JAMAICA 'S Harvest of Neglect- Time to End the Cycle of Agricultural Waste

KINGSTON, Jamaica, March 5, 2025 - As farmers in St. Elizabeth once again watch their tomato harvests rot in the fields, a sobering statistic looms large: the Food and Agricultural Organization (FAO) estimates that post-harvest losses on Jamaican farms reach a staggering fifty percent.
This agricultural hemorrhage isn't merely a seasonal inconvenience—it's a chronic wound in the nation's economic potential. The scene repeats with clockwork predictability.
Farmers cultivate, harvest, and then helplessly witness as their produce—tomatoes today, root crops and other vegetables tomorrow—succumbs to spoilage while market prices plummet.

In nations with developed agricultural systems, cold storage facilities and reliable irrigation stand as non-negotiable pillars of sustainability. Yet Jamaica faces a troubling knowledge gap: the country's current cold storage capacity for agricultural produce remains unknown, as do the optimal requirements.
This information vacuum persists because an agricultural census—which would also reveal crucial data about farmer populations and market usage—has yet to be conducted.
The Ministry of Agriculture, Fisheries and Mining (MICAF&M) recently broke ground on a J$120 million storage facility in St. Elizabeth and announced plans for containerized cold storage facilities across the island.

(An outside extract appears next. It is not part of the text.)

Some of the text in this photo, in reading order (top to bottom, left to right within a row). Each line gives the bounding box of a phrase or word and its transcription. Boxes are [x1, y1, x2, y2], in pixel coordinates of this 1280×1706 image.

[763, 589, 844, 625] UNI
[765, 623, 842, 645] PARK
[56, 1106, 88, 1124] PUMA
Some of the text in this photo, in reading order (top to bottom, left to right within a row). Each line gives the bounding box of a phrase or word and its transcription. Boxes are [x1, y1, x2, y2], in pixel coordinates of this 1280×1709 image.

But such promises have echoed through the corridors of power since independence, with little to show as the nation's premier agricultural parish once again drowns in unsold tomatoes.
While new construction projects capture headlines, existing facilities like the Christiana Potato Cooperative and Agricultural Marketing Corporation (AMC) sit idle, victims of prohibitively expensive electricity costs from Jamaica Public Service (JPS).

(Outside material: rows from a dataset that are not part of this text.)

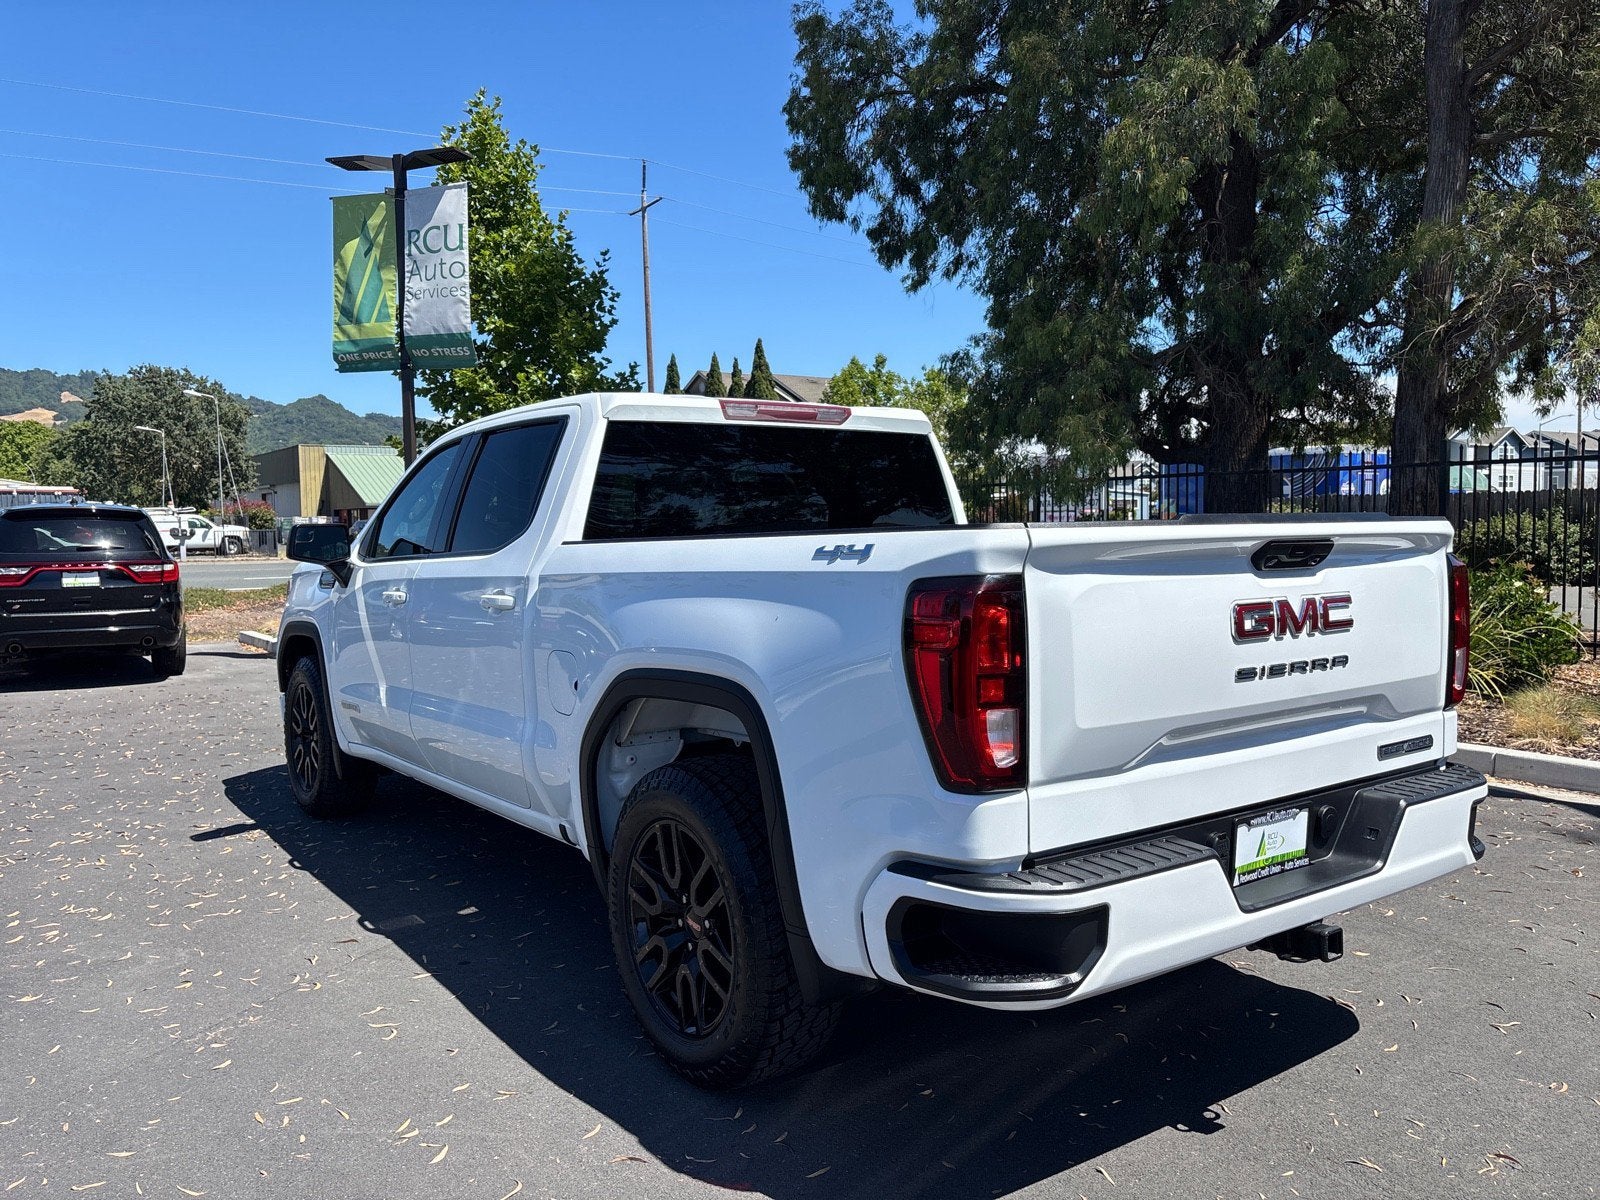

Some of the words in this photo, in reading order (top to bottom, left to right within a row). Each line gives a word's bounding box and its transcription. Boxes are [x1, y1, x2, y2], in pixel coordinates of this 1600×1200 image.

[406, 222, 465, 257] RCU
[407, 258, 466, 284] Auto
[405, 284, 468, 301] Services
[337, 352, 361, 362] ONE
[361, 350, 395, 361] PRICE
[411, 348, 430, 357] NO
[431, 346, 471, 357] STRESS
[1230, 591, 1354, 644] GMC
[1234, 654, 1349, 683] SIERRA
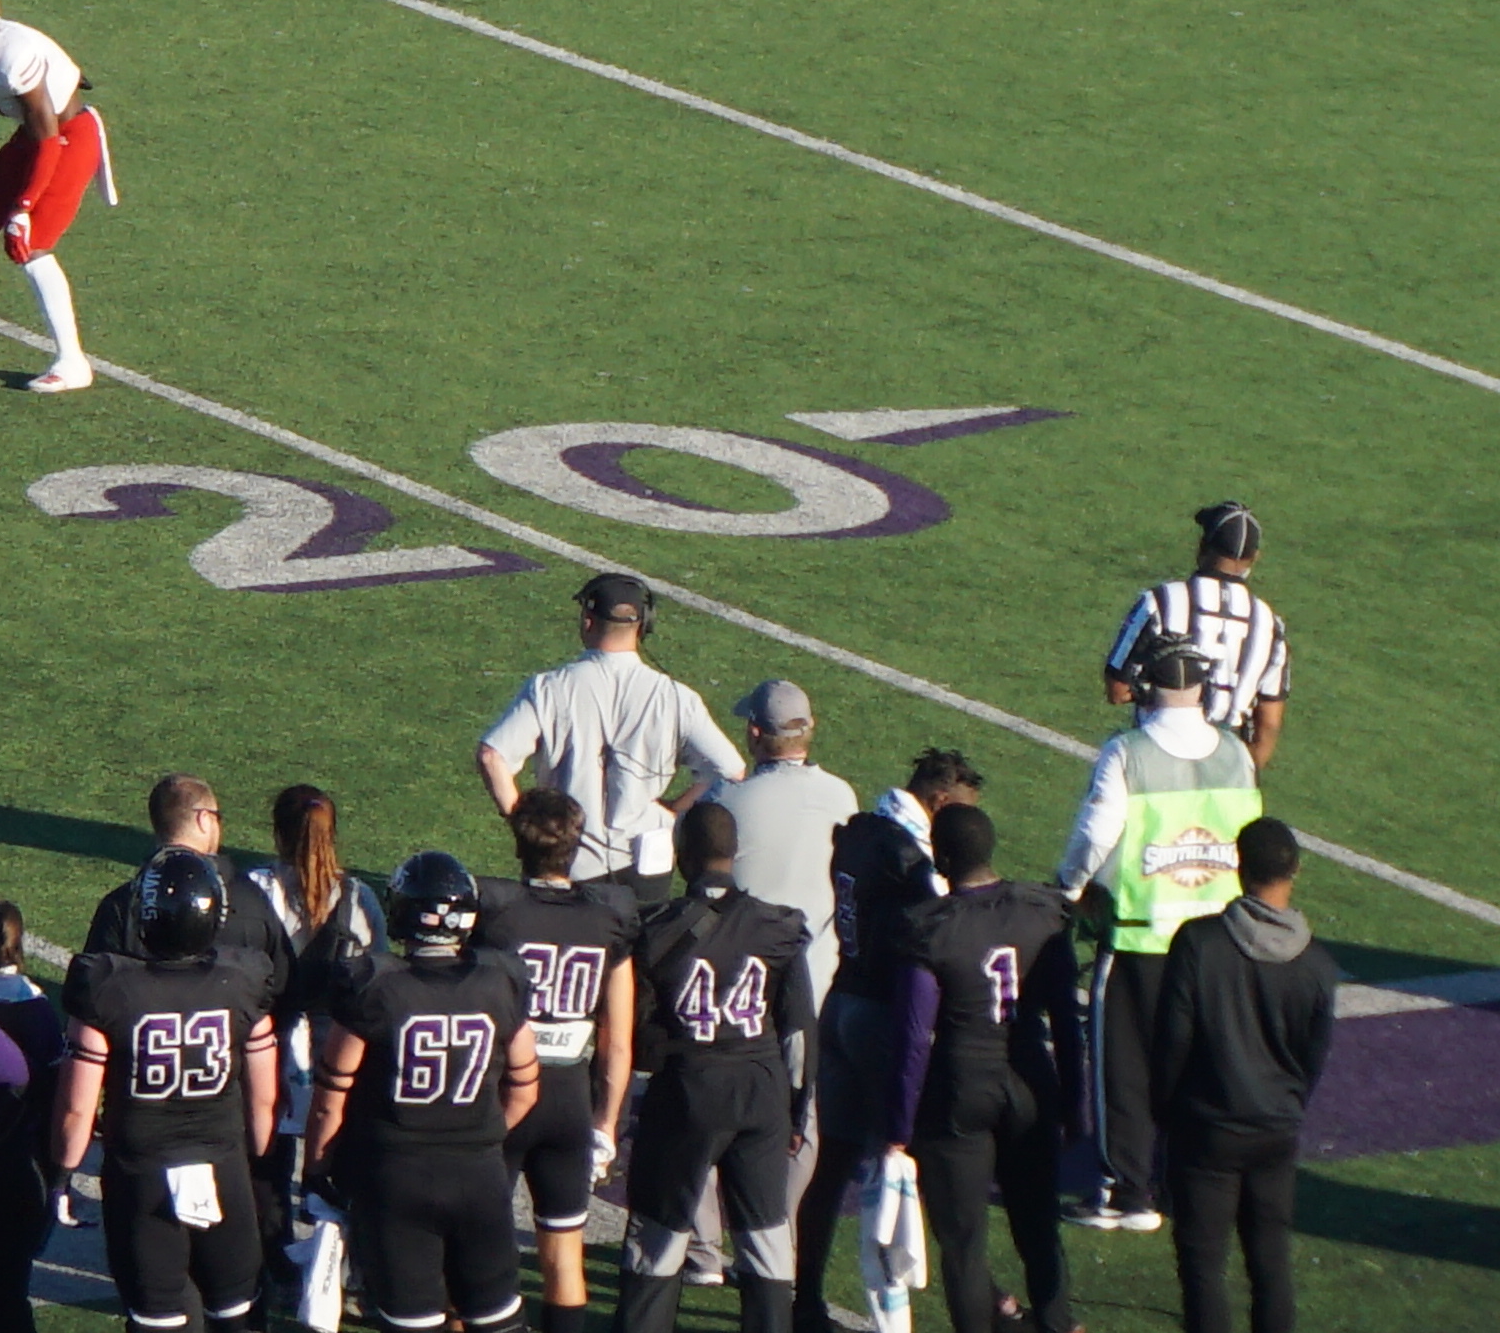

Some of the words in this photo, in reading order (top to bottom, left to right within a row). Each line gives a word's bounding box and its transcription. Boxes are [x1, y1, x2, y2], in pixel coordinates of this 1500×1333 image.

“ Former Member of Parliament Derrick Rochester had constructed a tomato processing factory in Bull Savanna specifically to handle excess harvests from local farmers. ”
The solution seems obvious: these facilities need investments in renewable energy—a purported government priority that has already seen Wigton wind energy transform into a publicly traded business and sparked discussions about nuclear electricity generation.
Jamaica's rivers, which once powered hydroelectric plants, continue to flow untapped.
Equally concerning is the Agricultural Investment Corporation's (AIC) perplexing management of potential storage hubs. The Spanish Town Road AMC complex and Guy's Hill building—both prime candidates for cold and dry storage—remain underutilized.
When a renowned audit firm was engaged to sell the Spanish Town facility, MICAF&M later denied divestment plans but offered no clarity on the reported J$130 million earmarked for the firm, nor the source of these funds.
As Jamaica grapples with agricultural gluts, shortages, and food security concerns, the AIC must fulfill its mandate and clarify these opaque arrangements.
Even private efforts to address the chronic tomato surplus have withered on the vine. Former Member of Parliament Derrick Rochester had constructed a tomato processing factory in Bull Savanna specifically to handle excess harvests from local farmers.
After Rochester's death, his partner Mr. Vassell operated the facility until his own passing. When an agro-processing entrepreneur subsequently acquired the business, his interests shifted to processing ackee, pineapple, and pepper sauce—leaving tomato and carrot farmers once again stranded with their perishable harvests.
The factory had even established a promising arrangement with the Jamaica Agricultural Society's trading arm, JASCEL, to supply products, but this initiative also collapsed, adding another chapter to Jamaica's saga of agricultural missed opportunities.